SAN DIEGO, June 25, 2016 – Give California heavyweight Dominic Breazeale credit for exceeding expectations. Despite losing to British heavyweight sensation Anthony Joshua, Breazeale took Joshua deeper into a fight than anyone expected, second only to Dillian Whyte who lasted 26 more seconds than Breazeale.

But against a heavyweight with the skill and talent of Joshua, simply taking a punch well and standing tough doesn’t begin to make a dent against the British IBF heavyweight champion. Joshua (17-0, 17 KOs) outclassed Breazeale (17-1, 15 KOs) from the opening bell with his speed and power on the way to knocking out Breazeale at 1:01 of round 7.

Anthony Joshua (left) used Dominic Breazeale as a sparring partner in their bout Saturday in London. Photo: Courtesy Sky Sports
Anthony Joshua (left) used Dominic Breazeale as a sparring partner in their bout Saturday in London. Photo: Courtesy Sky Sports

The fight resembled a sparring session for Joshua, who took his time and landed punches at his pleasure against Breazeale. He used the jab sparingly, measuring distance perfectly and using his speed to pounce, pound, and move away.

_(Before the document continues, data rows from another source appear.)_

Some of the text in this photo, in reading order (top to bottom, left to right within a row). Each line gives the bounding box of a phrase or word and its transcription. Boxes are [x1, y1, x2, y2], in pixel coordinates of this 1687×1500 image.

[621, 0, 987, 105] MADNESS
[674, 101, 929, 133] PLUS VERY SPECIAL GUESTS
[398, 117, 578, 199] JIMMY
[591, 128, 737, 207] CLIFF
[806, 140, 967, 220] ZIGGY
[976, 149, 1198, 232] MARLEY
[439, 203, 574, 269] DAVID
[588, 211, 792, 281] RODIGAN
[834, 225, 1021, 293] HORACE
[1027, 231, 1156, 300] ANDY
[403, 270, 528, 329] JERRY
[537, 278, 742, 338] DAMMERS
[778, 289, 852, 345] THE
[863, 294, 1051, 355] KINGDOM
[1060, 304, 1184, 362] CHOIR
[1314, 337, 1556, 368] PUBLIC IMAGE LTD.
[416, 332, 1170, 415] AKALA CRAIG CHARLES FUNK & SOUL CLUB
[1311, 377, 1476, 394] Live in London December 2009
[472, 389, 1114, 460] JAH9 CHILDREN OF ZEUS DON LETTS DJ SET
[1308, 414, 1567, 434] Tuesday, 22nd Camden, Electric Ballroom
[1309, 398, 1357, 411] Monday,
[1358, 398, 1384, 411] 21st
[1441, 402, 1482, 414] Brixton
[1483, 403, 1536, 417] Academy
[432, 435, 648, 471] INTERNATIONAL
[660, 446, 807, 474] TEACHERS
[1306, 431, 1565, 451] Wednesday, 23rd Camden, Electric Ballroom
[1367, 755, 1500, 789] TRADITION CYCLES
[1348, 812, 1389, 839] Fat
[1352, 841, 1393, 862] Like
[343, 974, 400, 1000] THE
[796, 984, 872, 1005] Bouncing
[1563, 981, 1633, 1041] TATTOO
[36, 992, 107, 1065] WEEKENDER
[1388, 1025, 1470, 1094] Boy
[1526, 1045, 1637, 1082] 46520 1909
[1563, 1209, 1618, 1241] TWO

Joshua took care of business in the seventh with a straight overhand right, followed by a flurry of shots. After taking a pounding for six rounds, it was too much for the game Breazeale.


“You can see when you start catching him flush, it was just a matter of time,” said Joshua. “But in the process, I didn’t want to be on the receiving end of any haymakers on the way back.”

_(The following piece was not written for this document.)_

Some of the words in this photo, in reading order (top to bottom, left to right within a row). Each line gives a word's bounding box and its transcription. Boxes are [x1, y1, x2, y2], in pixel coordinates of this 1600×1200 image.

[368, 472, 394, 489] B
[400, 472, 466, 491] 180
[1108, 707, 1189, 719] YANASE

Joshua said he’d hoped to fight the winner of the Tyson Fury vs. Wladimir Klitschko rematch, but Fury’s injury will now throw the schedule off if Joshua wants another fight in 2016.  Asked about his options, American Deontay Wilder came up. Wilder was watching in the Showtime studios in New York, and Joshua knew it.  “So he [Wilder] watched that and he can pick up whatever he wants from that, but it’s so different when you are in the ring with each other. One day we will get to experience what each other is about,” said Joshua of Wilder.

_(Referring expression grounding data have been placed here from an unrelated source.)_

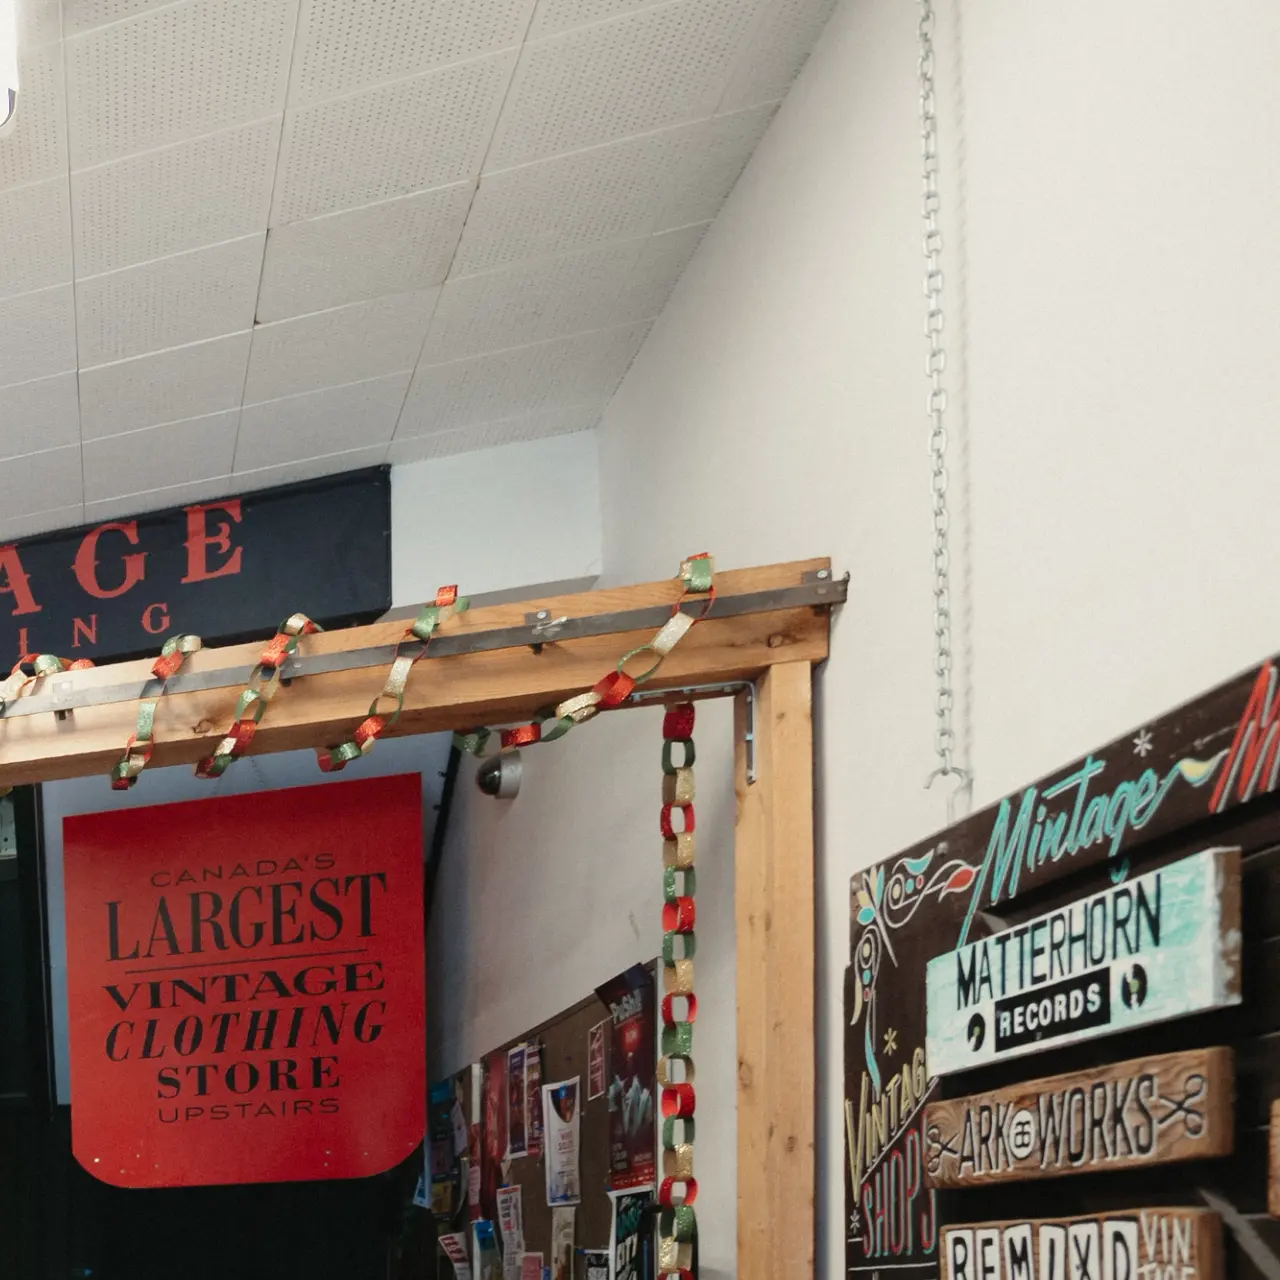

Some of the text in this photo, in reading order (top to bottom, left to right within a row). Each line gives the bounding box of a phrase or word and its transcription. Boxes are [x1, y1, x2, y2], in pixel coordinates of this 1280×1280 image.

[150, 852, 337, 888] CANADA'S
[104, 871, 387, 962] LARGEST
[955, 873, 1162, 1012] MATTERHORN
[101, 960, 386, 1013] VINTAGE
[999, 981, 1102, 1039] RECORDS
[104, 1000, 388, 1063] CLOTHING
[156, 1055, 340, 1100] STORE
[157, 1097, 340, 1124] UPSTAIRS
[844, 1046, 927, 1208] VINTAG
[1039, 1073, 1159, 1171] WORKS
[1140, 1213, 1192, 1264] VIN

Joshua said a more likely opponent is the talented young 22 year old New Zealand heavyweight Joseph Parker, now living in Las Vegas and who is undefeated in 19 fights with 16 knockouts. “I think it will have to be the likes of Parker. I was looking to the likes of Fury, but we’re going to have to reschedule that.”

For now, Joshua says he needs to rest and recharge his batteries after two fights in two months and seven fights since April 2015. “This is my moment, and I’m just taking advantage of it,” said Joshua.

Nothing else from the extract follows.